My main point is that most of the key players in the creation of the BNR32 - the designers, stylists, engineers, the planners, the test and development drivers and even the bean counters - were also part of the teams that created the PGC10, KPGC10 and KPGC110. Too many people seem to be ready to believe that the BNR32 came out of nowhere, but it was the product of a school of excellence that had already created some minor marvels.

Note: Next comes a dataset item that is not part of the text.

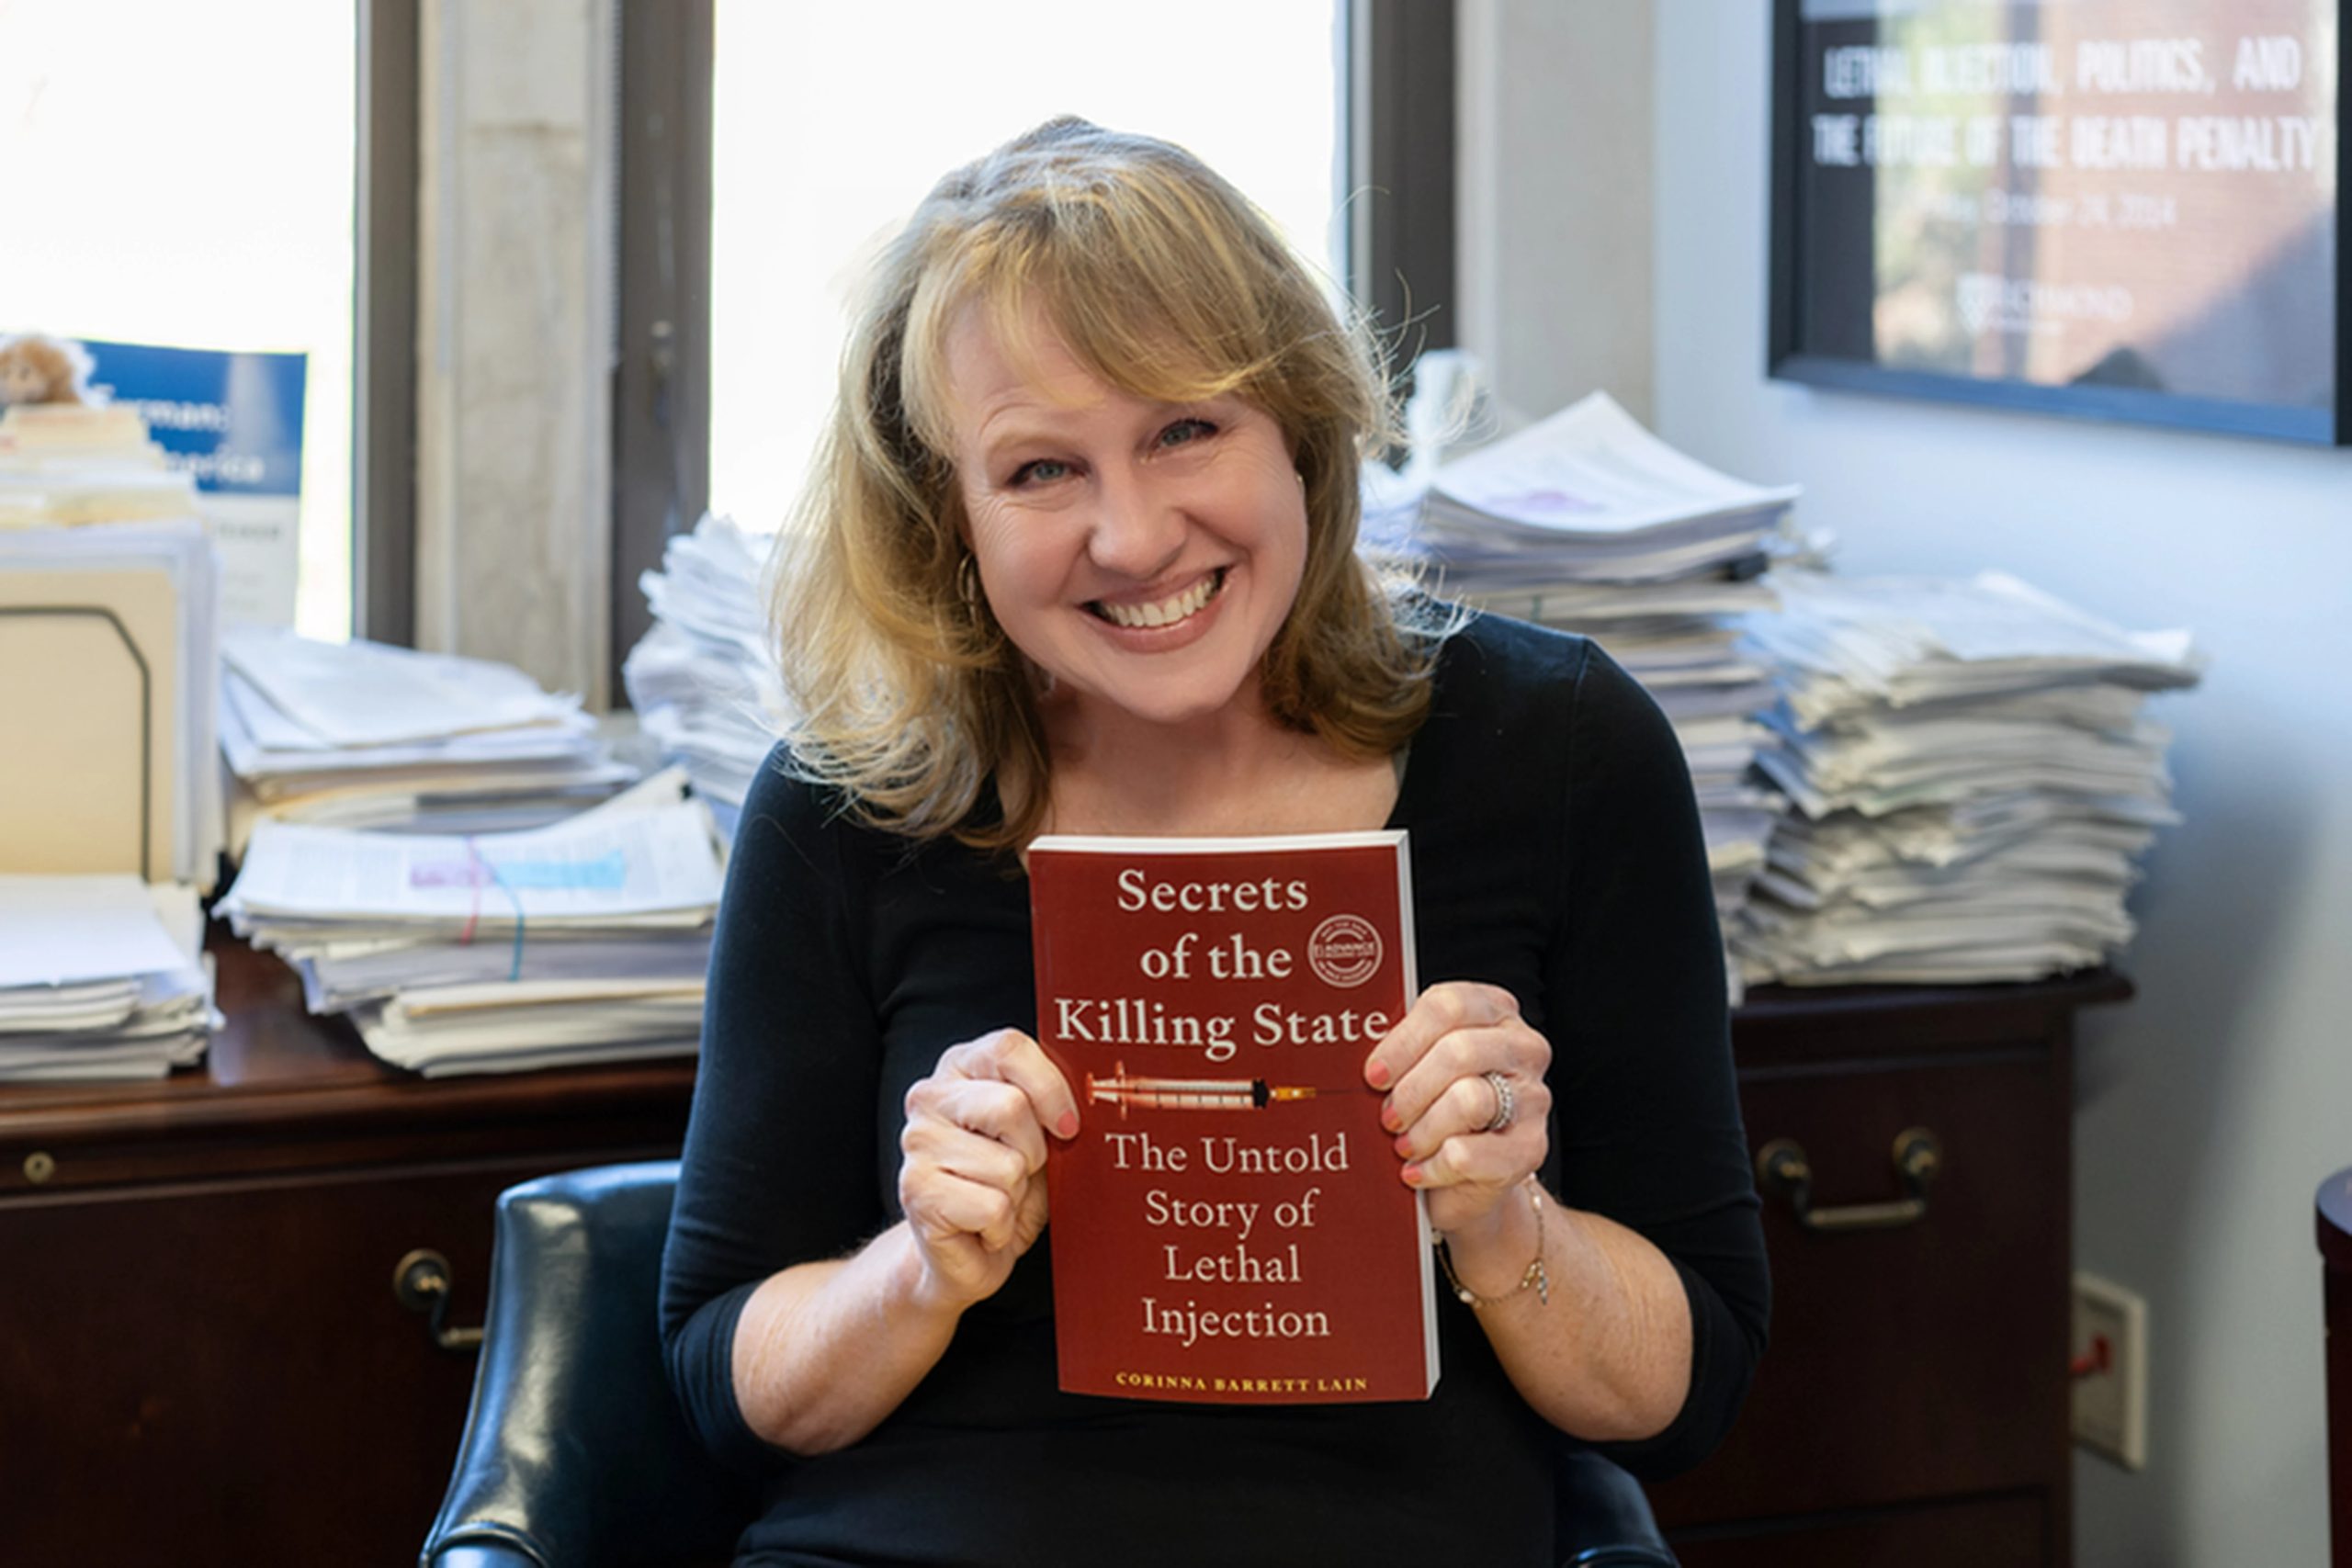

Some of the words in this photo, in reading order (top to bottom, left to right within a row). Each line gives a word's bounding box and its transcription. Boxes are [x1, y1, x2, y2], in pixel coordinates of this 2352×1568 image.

Whenever I see mention of the BNR32 in the English language press, or on the internet, it never seems to put the car _in that context_. 



David.Yu said:


> But editor Nick Trott did tweet recently that a Hakosuka GT-R would be the only car he would trade his 911 in for.


Has he ever driven one?


----------



## V1H (Aug 30, 2001)

The test i would like to see is a std r32 gtr, possibly a V spec though that does have better brakes and attesa, against a Porsche 959. Both on modern rubber, and the gtr delimited to a safe limit for the turbos but everything else stock. It would be interesting to see how close a std gtr without the 280bhp handicap, gets to a 959, a car that apparently Niissan look at when designing the 4wd system. I know it won't compare in terms of rarity, desirability and the characteristics will be different because of their respective layout but on the road will the 959 be a 'better' car?.

It would also be nice to have performance figures for the gtr with stage1/350ish bhp, 400+ would be nicer but that would be at the limit for the standard turbos & injectors, guessing you wouldn't run 959 figures now but there should be figures in the archives.

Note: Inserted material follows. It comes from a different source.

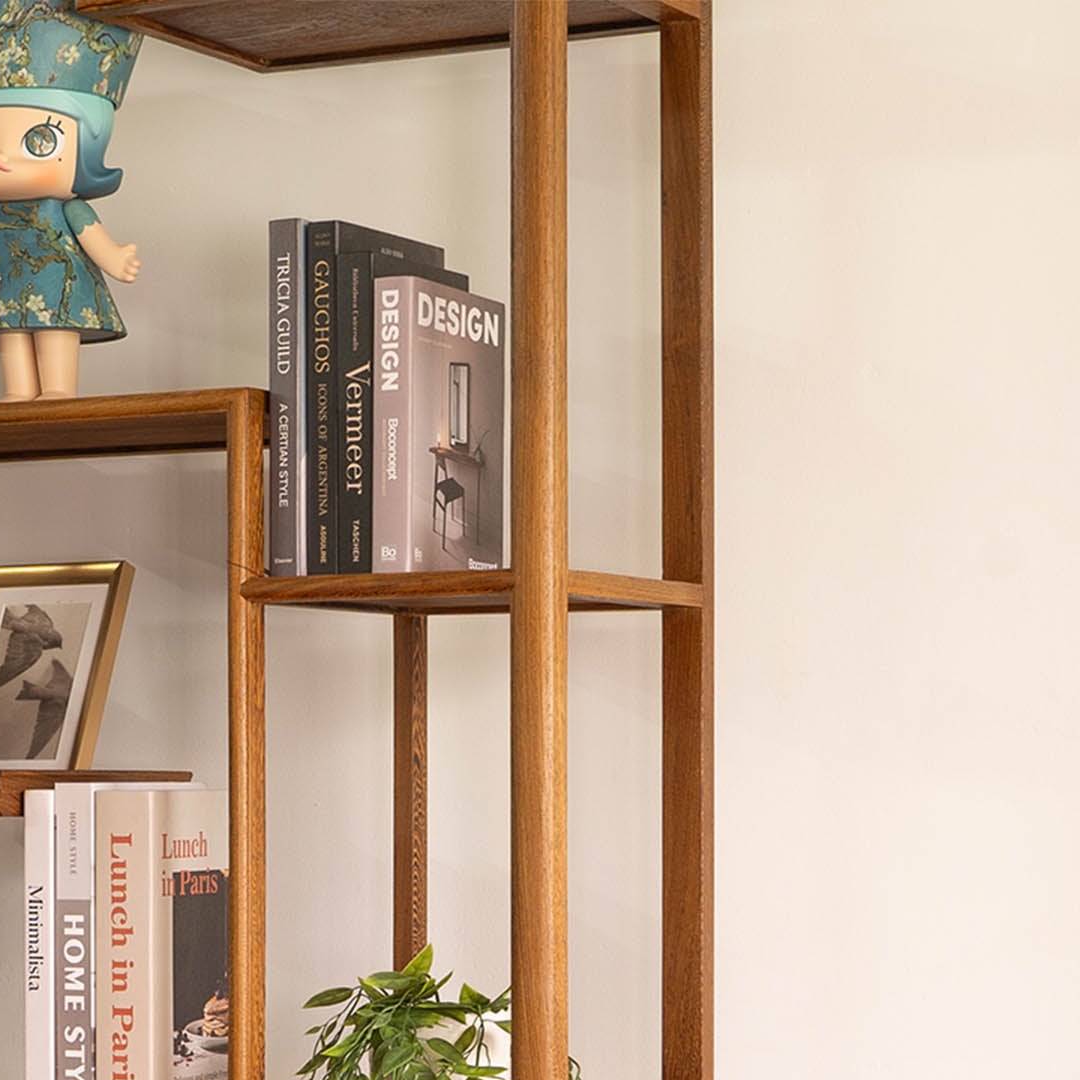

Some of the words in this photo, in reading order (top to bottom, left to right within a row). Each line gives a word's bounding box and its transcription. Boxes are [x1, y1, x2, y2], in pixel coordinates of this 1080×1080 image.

EVO/David, any chance of this please? was really interest in the Top Gear episode with the F40 & the 959 lap time but they copped out i guess.


----------



## Cris (Sep 17, 2007)

Mookistar said:


> I find this thread a bit desperate. The Old Skylines are great but the R35 is clearly a better car. ...


With respect that's entirely subjective.

An R35 is faster, more powerful etc but that deson't necessarily make it better because it depends on your judgement of better.

For some yes it is the better car. For others perhaps not.

I remember reading an article about a Miura where the journalist commented that the hire diesel (Megane perhaps) was quicker down the road than the Miura. Clearly no suggestion was made that the Miura was better. However ask my Missus and she'd probably say that the Megane was the better car.


----------



## Cris (Sep 17, 2007)

PS30-SB said:


> ...
> 
> For context, the gap in years between the PGC10 and the BNR32 was pretty much the same as the gap between the BNR32 and the R35. For me, the three 'Great Leaps Forward' were the PGC10, the BNR32 and the R35.
> 
> ...


I think that this is perhaps the perfect idea of an interesting article. With respect to the other cars these three models provide the big changes with the inbetweeners being developments of the platforms.

I always wondered about the Prince connection. Has the Prince factory always been where the exciting cars have been built. Are the teams/culture of Prince an island within Nissan still or has all trace faded.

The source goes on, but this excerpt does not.